When the going gets tough, the people losing the argument start whining about civility. I often find myself attacked as someone who believes that anyone with a different opinion is a fool or a knave. As I’ve tried to explain, however, this is mainly about selection bias. I don’t spend much time on areas where reasonable people can disagree, because there are so many important issues where one side really is completely unreasonable.

Obviously someone can disagree with my side and still be a good person.
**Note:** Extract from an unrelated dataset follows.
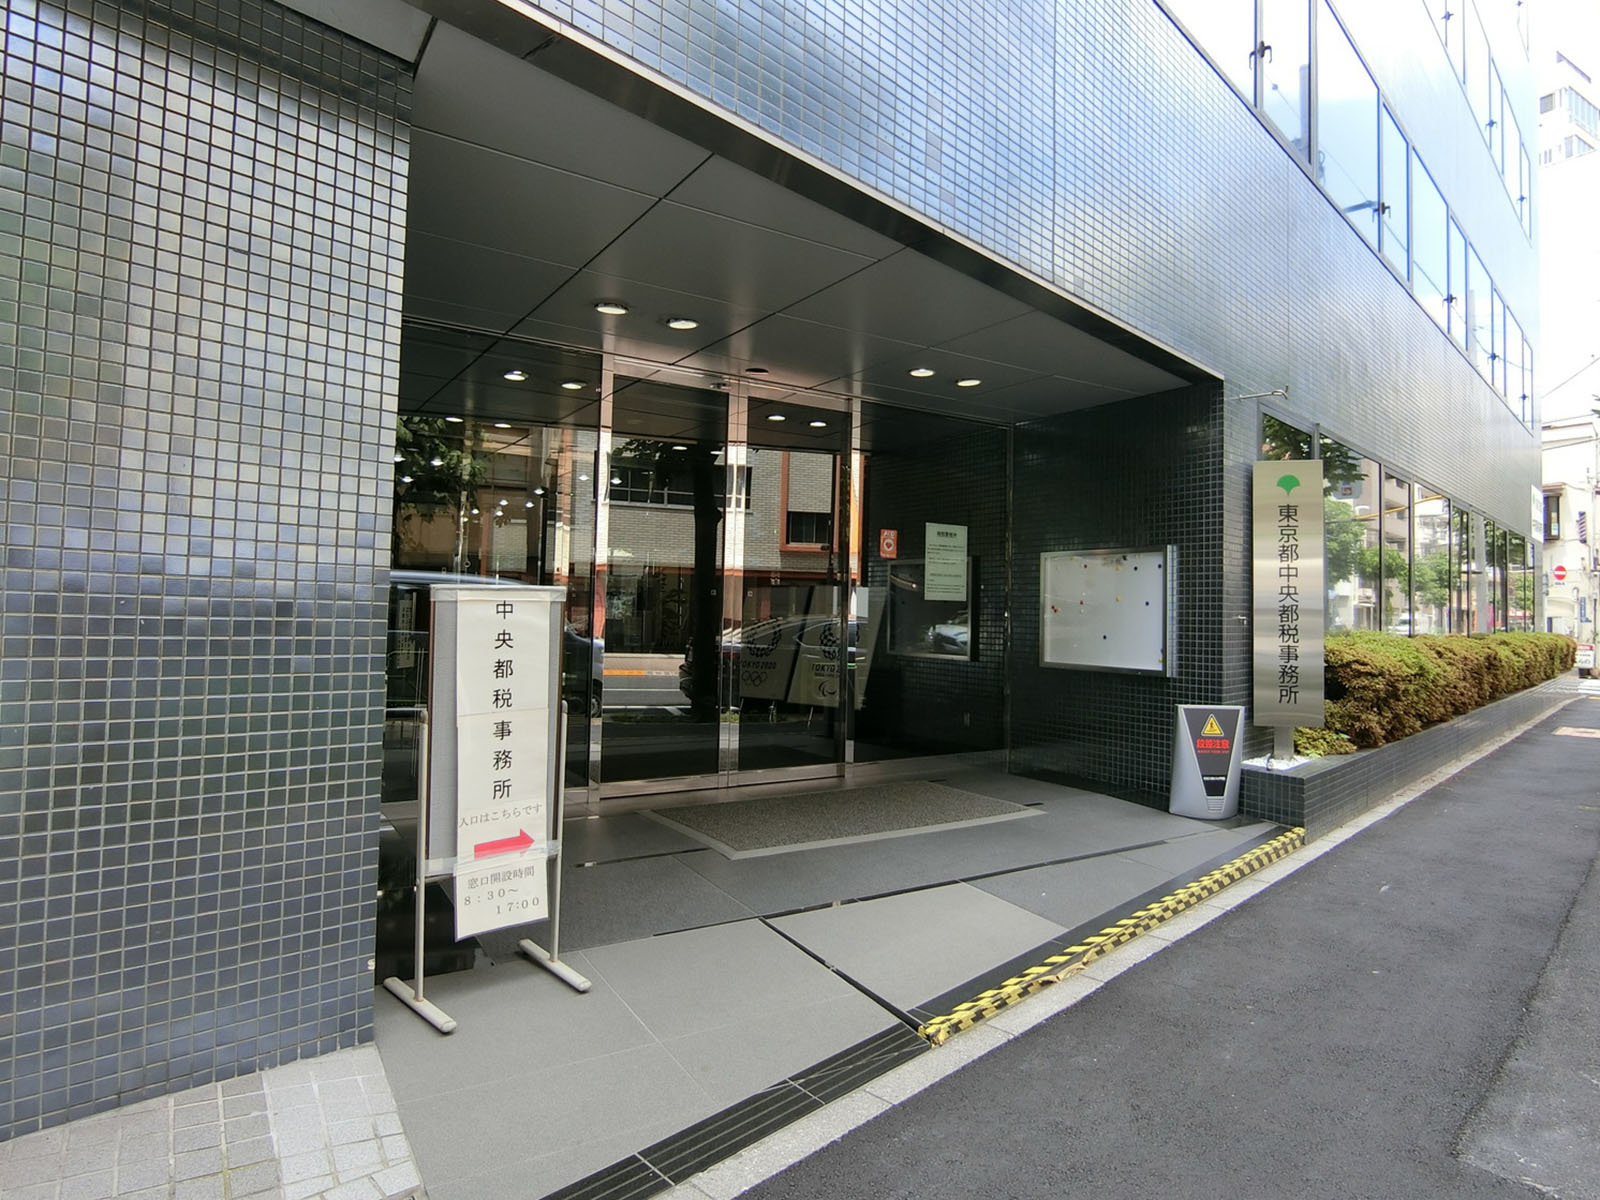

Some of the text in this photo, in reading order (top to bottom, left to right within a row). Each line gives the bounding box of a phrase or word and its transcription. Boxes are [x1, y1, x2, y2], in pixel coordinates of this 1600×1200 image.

On the other hand, there are a lot of bad people engaged in economic debate – and I don’t mean that they’re wrong; I mean that they’re arguing in bad faith.

Which brings us to today’s installment of oh-yes-they’re-that-bad, courtesy of Bloomberg. You may remember the infamous open letter from 2010 addressed to Ben Bernanke, then chairman of the Federal Reserve, warning that his efforts to boost the economy “risk currency debasement and inflation.” Just in case you were wondering about the political nature of the letter, among the 23 signatories was that noted monetary expert William Kristol, editor of the conservative Weekly Standard.

(Image: TUNIN; Russia / CartoonArts International / The New York Times Syndicate)(Image: TUNIN; Russia / CartoonArts International / The New York Times Syndicate)Earlier this month, reporters at Bloomberg had the bright idea, now that almost four years of low inflation have passed, of asking the signatories whether they would concede that they were wrong. Not a chance. Hey, they only said there was a “risk” of inflation, and the economy hasn’t done well, so it’s all good!

Just to say the obvious: If inflation had in fact risen, they would have claimed vindication. So it’s heads they win, tails they don’t lose.

And this is far from the only example of inflationistas and bond worriers bobbing and weaving, refusing to acknowledge having said what they said and being completely unwilling to admit mistakes.

I try hard not to behave that way. If I make a mistake – like my extreme pessimism about the short-term survival of the euro, or my warnings back in 2003 about a debt crisis in the United States – I try to admit it, and figure out why I was wrong. No doubt there have been times when I rewrote history to make myself look better, but I try to avoid that – it’s a major intellectual and moral sin.

And, boy, are there a lot of sinners out there.